### Data excerpts ###

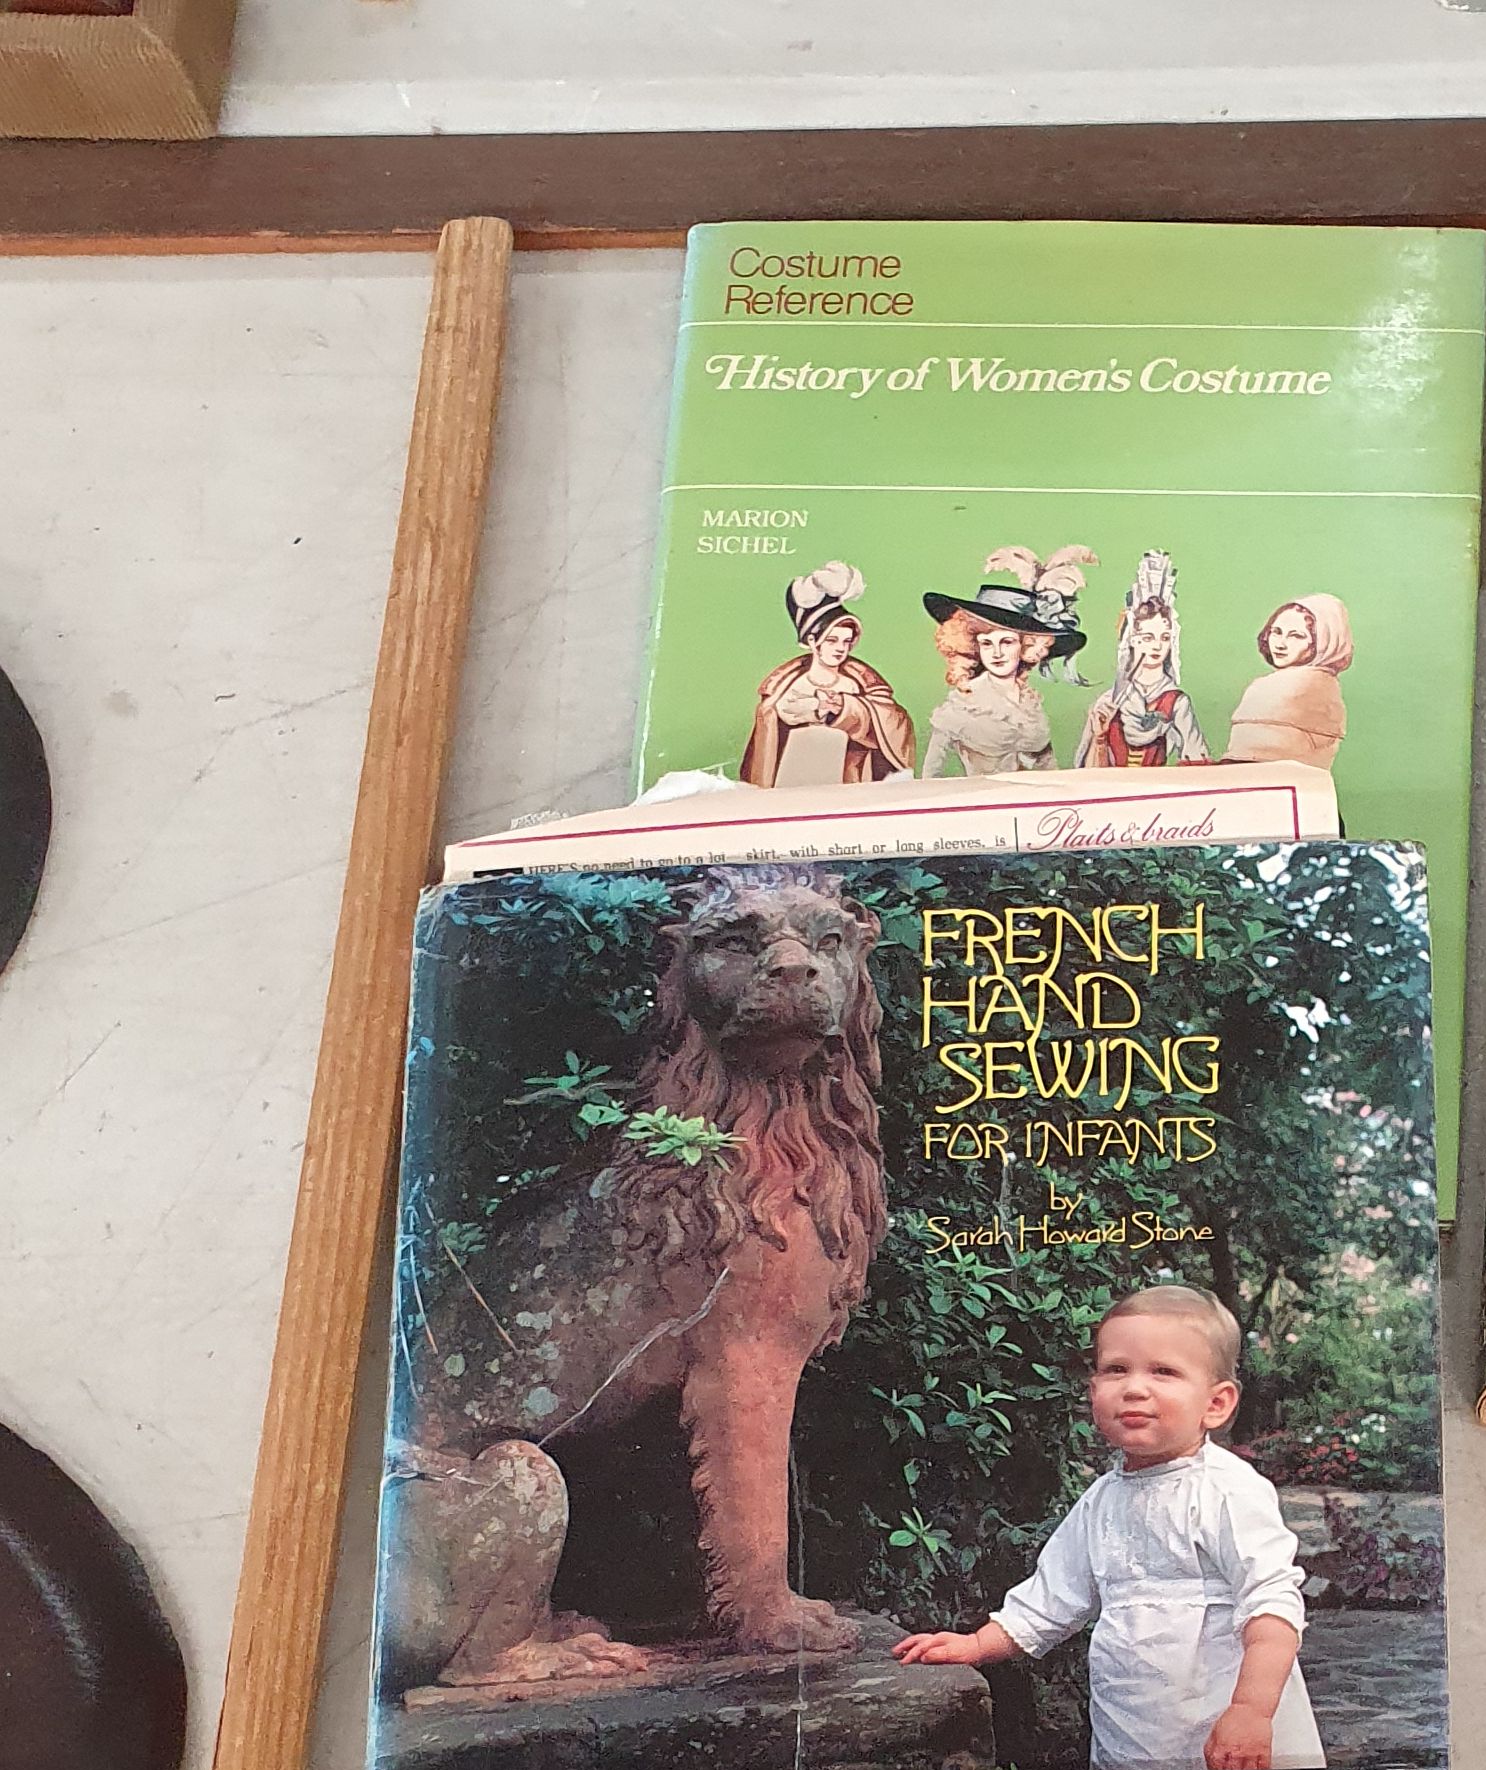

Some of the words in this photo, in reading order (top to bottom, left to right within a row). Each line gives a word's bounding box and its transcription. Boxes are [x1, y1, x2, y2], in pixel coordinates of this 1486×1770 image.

[730, 247, 902, 280] Costume
[725, 285, 914, 316] Reference
[705, 354, 883, 398] History
[886, 355, 938, 392] of
[948, 358, 1132, 395] Women's
[1139, 359, 1332, 397] Costume
[702, 510, 808, 528] MARION
[696, 536, 797, 555] SICHEL
[790, 844, 819, 858] with
[828, 843, 863, 856] short
[872, 844, 887, 854] or
[896, 840, 924, 854] long
[994, 835, 1006, 847] is
[1027, 807, 1116, 850] Plaits
[1141, 808, 1215, 842] braids
[922, 903, 1205, 979] FRENCH
[922, 973, 1141, 1048] HAND
[935, 1036, 1220, 1114] SEWING
[924, 1122, 1009, 1167] FOR
[1025, 1117, 1217, 1167] INFANTS
[1050, 1182, 1083, 1220] by
[925, 1216, 1012, 1254] Sarah
[1019, 1215, 1127, 1252] Howard
[1129, 1211, 1215, 1250] Stone
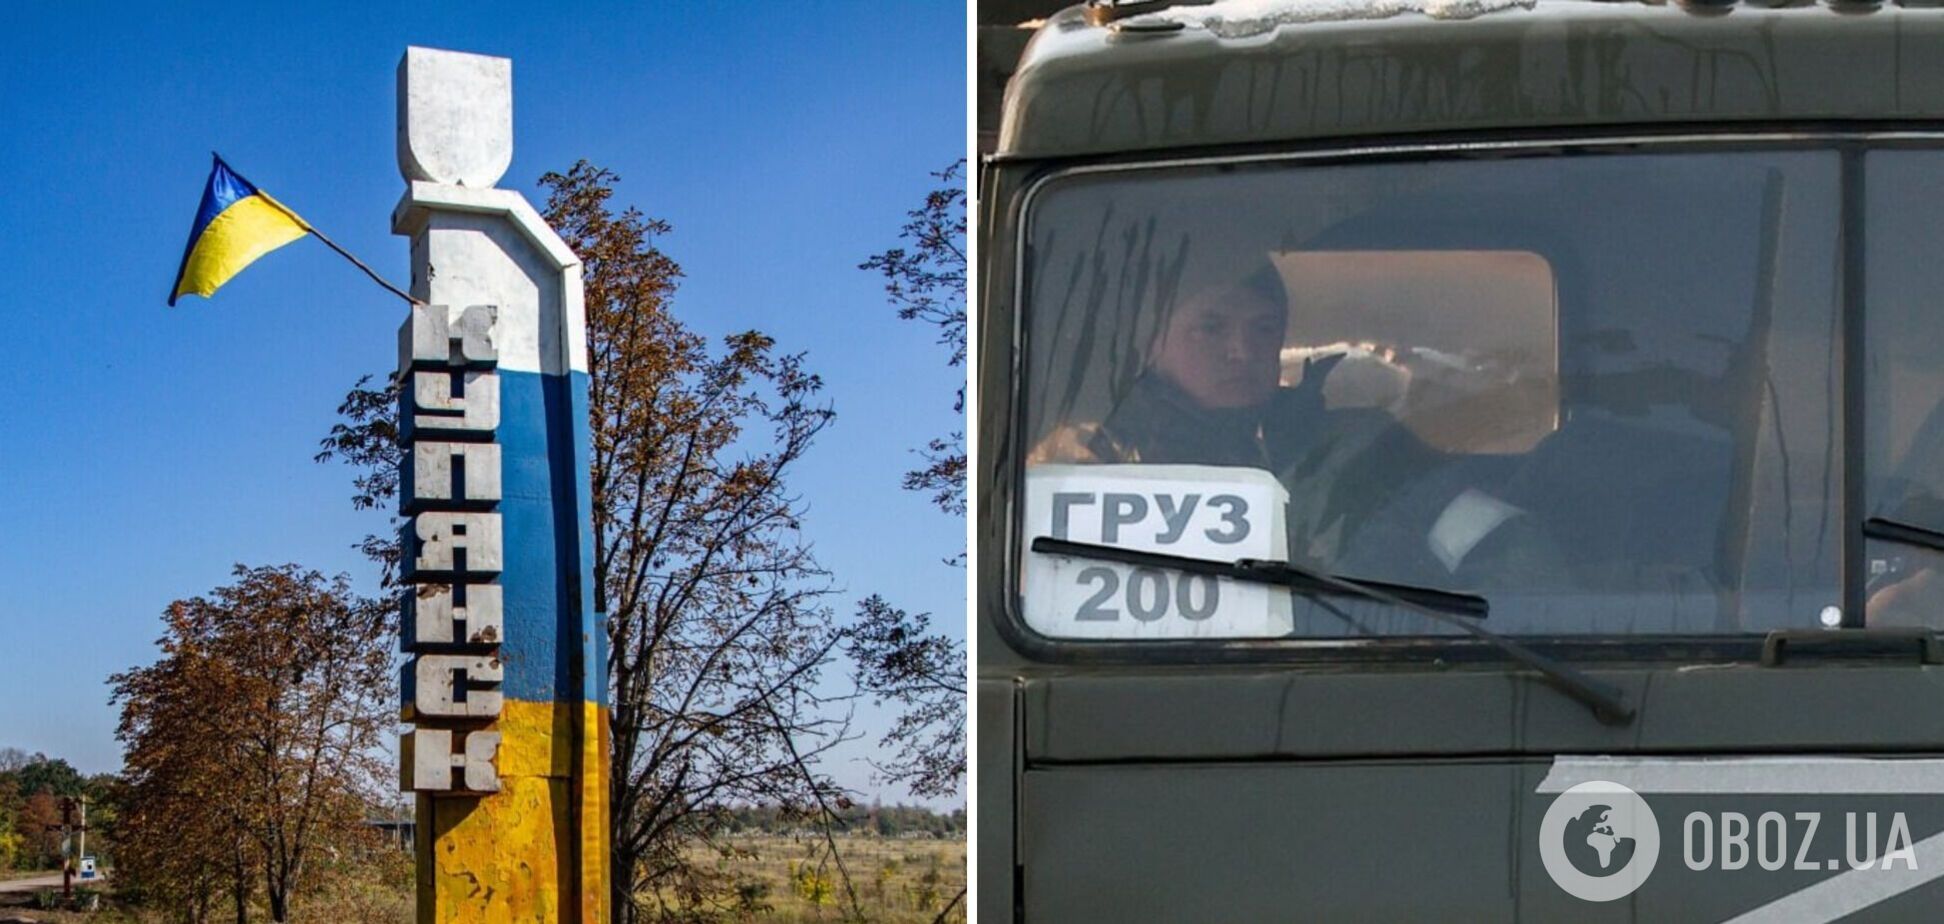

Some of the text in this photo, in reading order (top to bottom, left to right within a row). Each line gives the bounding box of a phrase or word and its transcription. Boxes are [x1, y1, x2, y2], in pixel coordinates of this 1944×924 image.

[1051, 492, 1251, 545] ГРУЗ
[411, 304, 504, 792] КУПЯНСК
[1074, 567, 1220, 622] 200

###

- [Instructions for the task] The expected output is the exact run of lines from the line with "Some of the text" through the last line of the material above.

- [Response]
Some of the text in this photo, in reading order (top to bottom, left to right within a row). Each line gives the bounding box of a phrase or word and its transcription. Boxes are [x1, y1, x2, y2], in pixel coordinates of this 1944×924 image.

[1051, 492, 1251, 545] ГРУЗ
[411, 304, 504, 792] КУПЯНСК
[1074, 567, 1220, 622] 200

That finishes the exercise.